An ARF is a personal tax-efficient investment fund into which you can transfer all or part of the balance of your pension fund after you receive your retirement lump sum.
If you would like to have control over how your retirement fund is managed, an ARF might be the best option for you. An ARF allows you to remain invested in the market with the ability to control your investment and take a flexible income in retirement.

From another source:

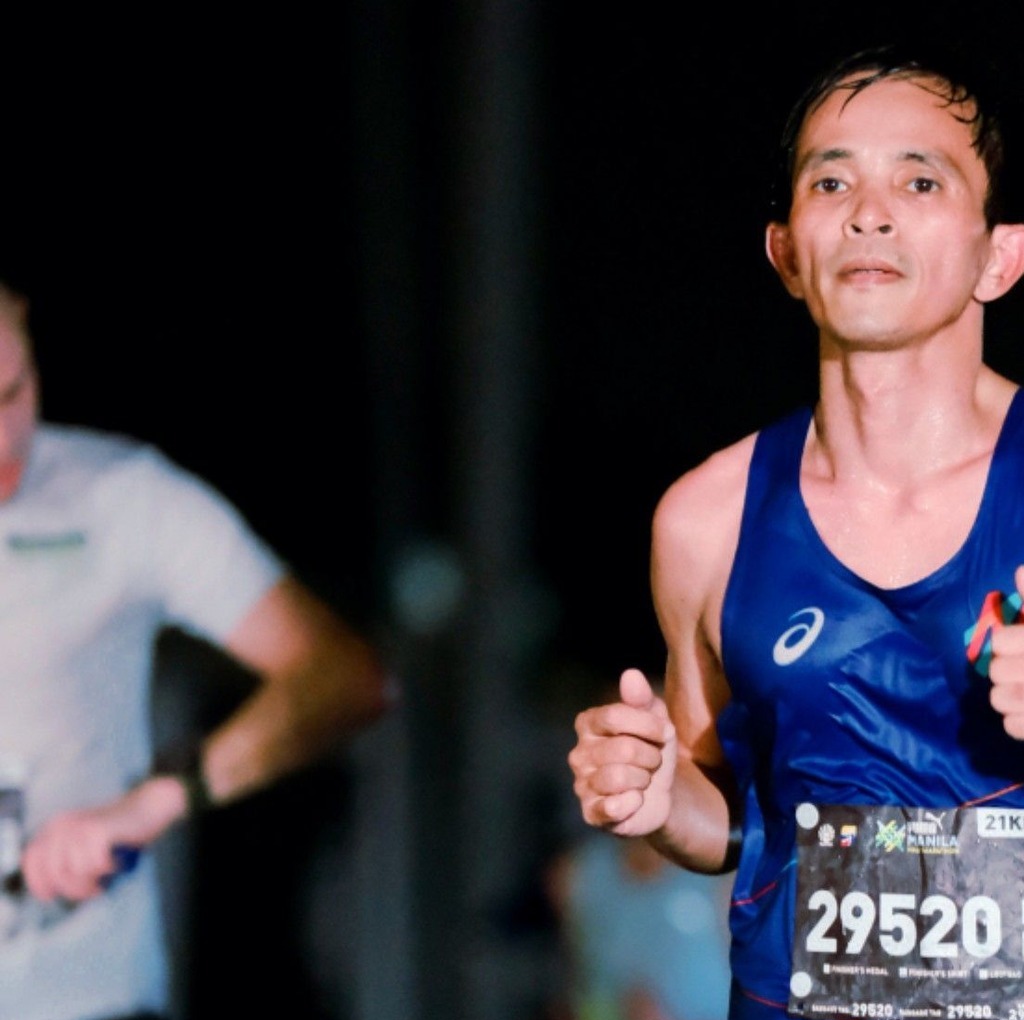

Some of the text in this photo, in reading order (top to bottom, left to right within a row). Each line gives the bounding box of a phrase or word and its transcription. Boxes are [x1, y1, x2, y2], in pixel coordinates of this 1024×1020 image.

[908, 834, 958, 847] MANILA
[806, 890, 1001, 958] 29520
[851, 1002, 893, 1017] 29520
[947, 1004, 992, 1020] 29520

An ARF allows you to invest all or part of your pension fund after you retire. You can decide on the type of fund you would like to invest in, and the amount of risk you’re comfortable with. With an ARF you can still withdraw from your fund on a regular or ad hoc basis (subject to income tax and USC. PRSI may also apply). But it’s worth remembering that since your pension fund is still invested, its value may go down as well as up.
Who can take out an ARF?
An ARF is available to members of an Occupational Scheme (assuming scheme rules allow) and individuals that hold a Personal Pension, Personal Retirement Savings Account (PRSA) or Personal Retirement Bond and have reached Normal Retirement Age or have taken Early Retirement.

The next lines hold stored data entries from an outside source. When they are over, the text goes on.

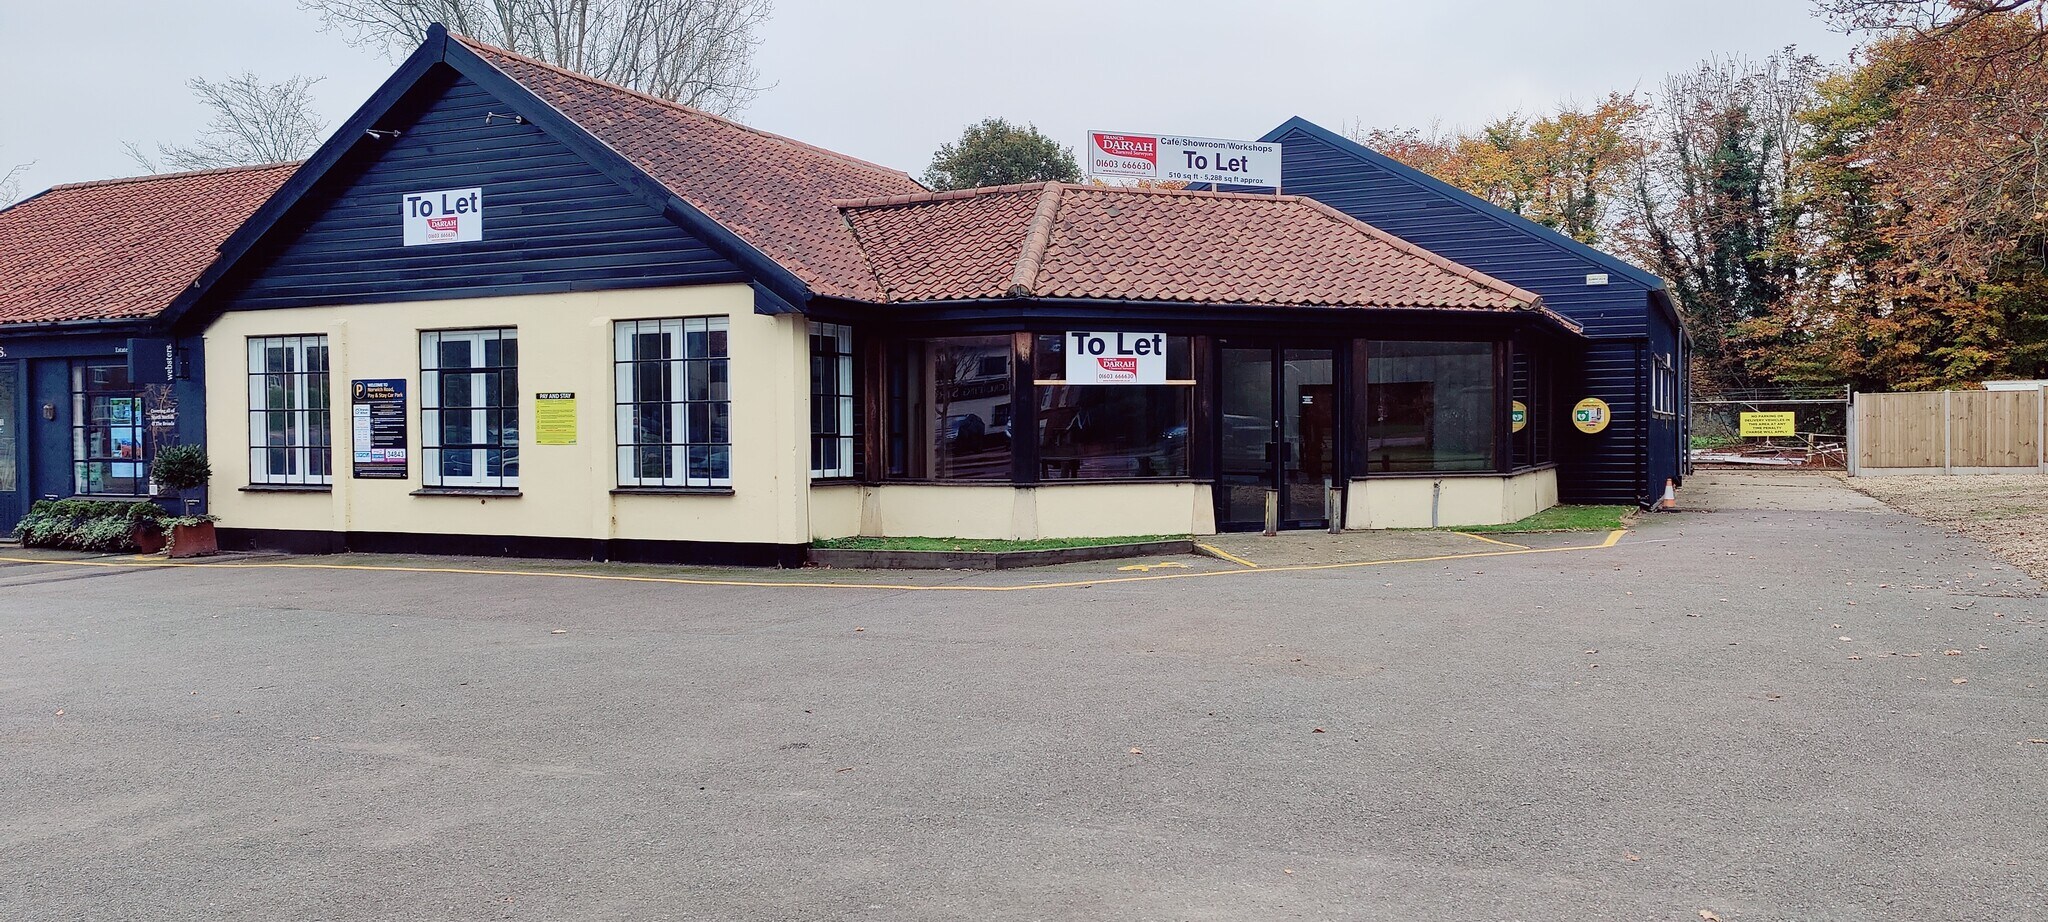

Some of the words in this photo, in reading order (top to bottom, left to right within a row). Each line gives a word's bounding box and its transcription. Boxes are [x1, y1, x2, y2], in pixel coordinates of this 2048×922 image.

[1103, 139, 1154, 152] DARRAH
[1160, 137, 1273, 154] Café/Showroom/Workshops
[1096, 159, 1118, 168] 01603
[1122, 161, 1152, 171] 666630
[1183, 150, 1208, 170] To
[1215, 152, 1248, 173] Let
[1240, 177, 1264, 185] approx
[407, 196, 433, 218] To
[441, 192, 478, 215] Let
[1071, 332, 1105, 356] To
[1117, 332, 1162, 356] Let

Approved Minimum Retirement Fund
To set up an ARF you must have a guaranteed pension income of at least €12,700 per annum. This includes a pension or annuity that is guaranteed to be payable for the rest of your life, including any State guaranteed pension. If you do not have this level of guaranteed pension income you must invest €63,500 in an Approved Minimum Retirement Fund (AMRF).
The test does not apply to individuals aged 75 or over, who may invest in an ARF without satisfying the guaranteed income or AMRF requirements. When you reach the age of 75, or upon death, the AMRF automatically converts into an ARF.
What is an AMRF Pension?
An AMRF is similar to an ARF except that the capital invested in the AMRF is not subject to an imputed distribution until the individual is aged 75 years.
The AMRF holder can access up to 4% of the value of the assets each year, irrespective of age as a once-off withdrawal, subject to PAYE. Any distribution taken form the AMRF can be used to reduce the minimum distribution amount from the ARF assets in that year.